Regarding the issue of how the National Comprehensive Cancer Network [NCCN] is going to tackle this, how pathways companies are going to tackle this stuff, I think they’re struggling like the rest of us. NCCN has always had the perspective that they want to make sure that they acknowledge all effective therapies. They’ve never really been in the pathways business, that’s not their thing. Now, they recently have become more interested in the value proposition. Initially it was evidence blocks, there were categories of preference. So they’re interested in it, but especially the categories of preference are really focused on efficacy, overwhelmingly.

I don’t know about pathways companies. I think we’re going to have a period now, a transition period, where evidence is immature, incomplete. We’ll know enough such that we’re giving good therapy to the patients. We won’t know for a while what the best therapy for our patients is. It’s different. It’s so funny, it’s completely the opposite of the way it used to be when I was a young oncologist and we had nothing that worked. We’d try to find treatments based on our best available evidence and best available reasoning to treat our patients. Now we’ve got a lot of therapies that work. We just don’t know how to line them up. I’m actually hopeful that our understanding of the biology will improve our decision making. So we’ve already talking about deletion 17p in CLL. There’s some preliminary evidence that there may be similar genotypic mechanisms for determining optimal therapy in myeloma, if we could possibly get our hands around what molecular markers predict who should get what.

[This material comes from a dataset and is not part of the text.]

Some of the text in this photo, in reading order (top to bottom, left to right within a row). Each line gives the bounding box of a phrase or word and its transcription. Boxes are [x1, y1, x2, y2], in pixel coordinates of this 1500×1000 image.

The other thing is that I think we may see some changes in considering paying for patients in a more global way. So we pay for drugs now one at a time or in combination sequentially, right? So you could imagine me saying, “Dr Kolodziej, you’re going to get this much money to take care of your patient with CLL, choose wisely.” And we may see that evolve. Of course, the fear is that if the number is set too low, patients will be harmed. We want to avoid that at all costs. But, on the other hand, we do want to promote and encourage value-based clinical decision making. So, if you don’t need to give a super-expensive combination of specialty drugs, you shouldn’t do it.

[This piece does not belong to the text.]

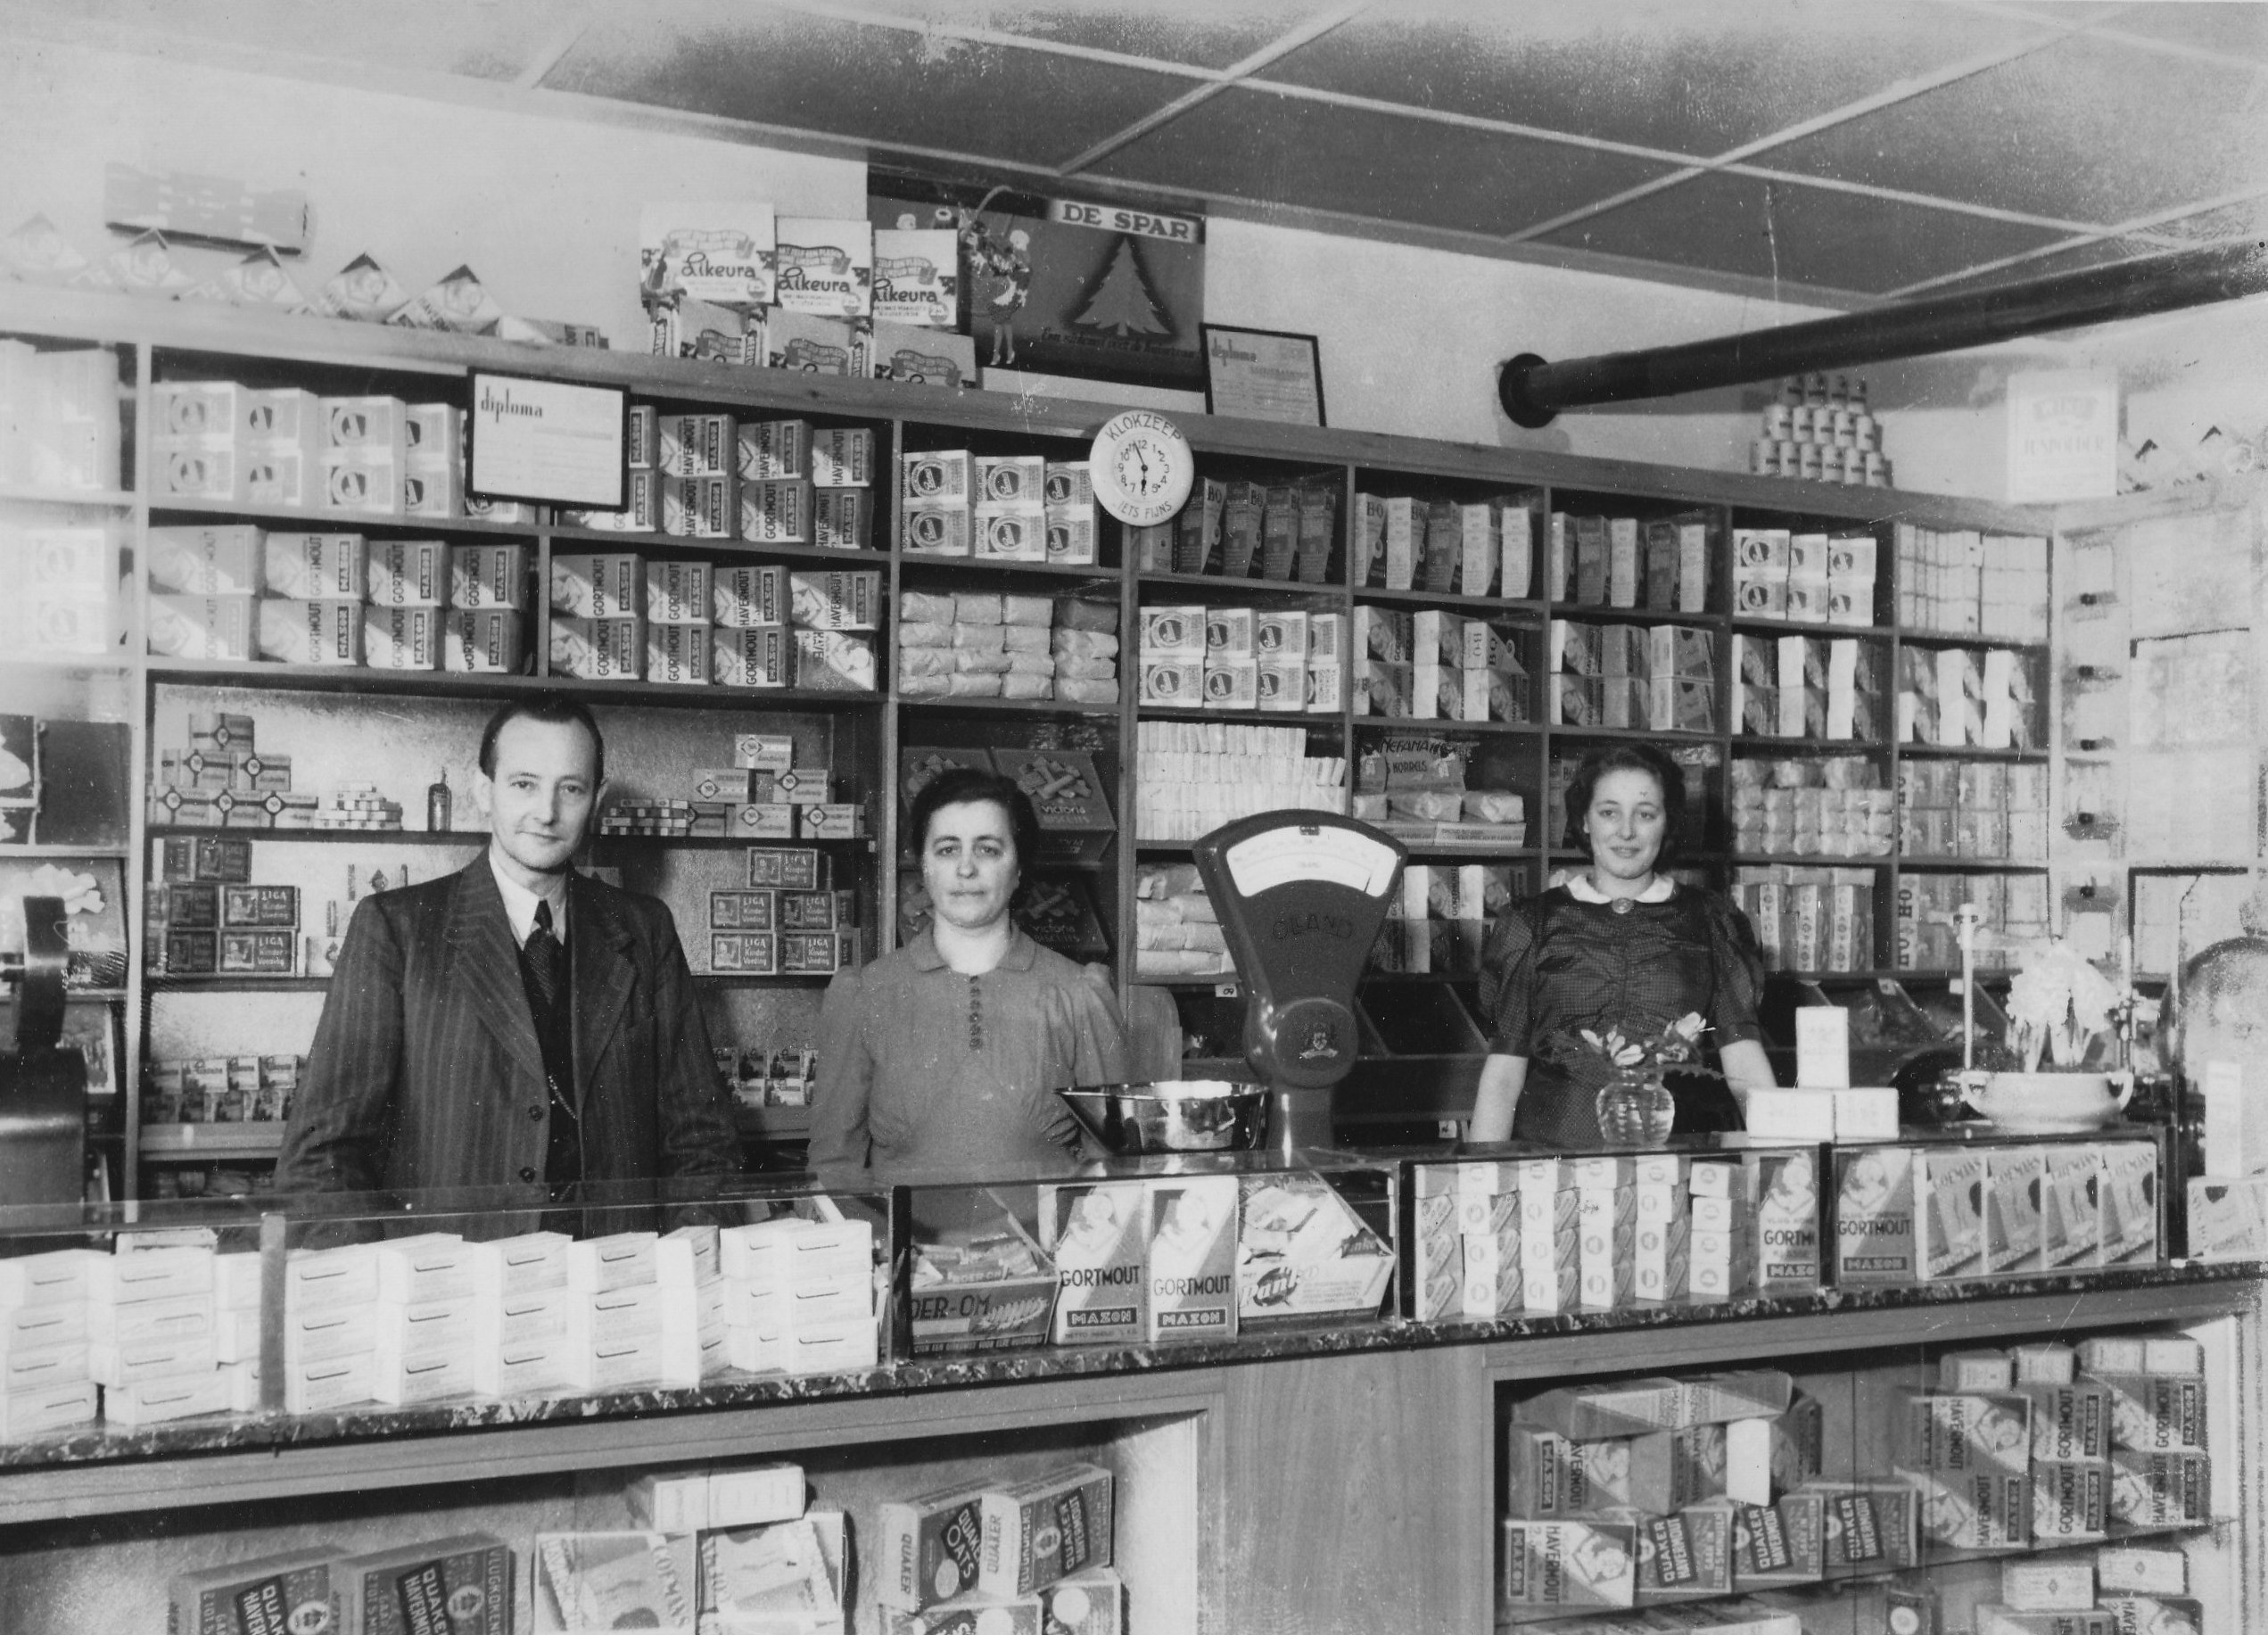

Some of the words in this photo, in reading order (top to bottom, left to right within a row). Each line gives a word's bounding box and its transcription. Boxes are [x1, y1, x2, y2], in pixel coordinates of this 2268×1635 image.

And I think that’s going to evolve. That’s going to take a little while to evolve. But I think there’s some evidence that we are headed in that direction, and so that will impact us. And then of course there’s the patient. How would we forget the patient? Financial toxicity is a huge issue right now. We need to deal with how much patients have to pay for these drugs. So, if you have commercial health insurance right now, you’re out of pocket is capped. That doesn’t mean it’s trivial, it just means it’s capped at $6000 $7000, $8000. That’s a lot of money. If you’re a Medicare patient, as of today, it’s not capped. If you’re a Medicare patient who has Part D coverage, you have to pay the catastrophic portion of your specialty drug, which is 5% and there is no cap. So just think about that for a second. You’re a retiree Medicare beneficiary, Part D, and you have to go through the initial phase and the donut hole and all that and then you’ve got 5%. So 5% of $150,000 a year is $7500. Of course, it’s more than that because they have to pay their initial phase of therapy.

There are, of course, bills in front of Congress to try to fix that. I would say that even in today’s political environment, it is likely that that will get fixed. There will be a cap in Medicare Part D, but I think the impact of these novel therapies on patients’ finances hasn’t gotten as much notice or attention as perhaps it ought to. But I think the pendulum has swung in the direction of it is going to become very, very important.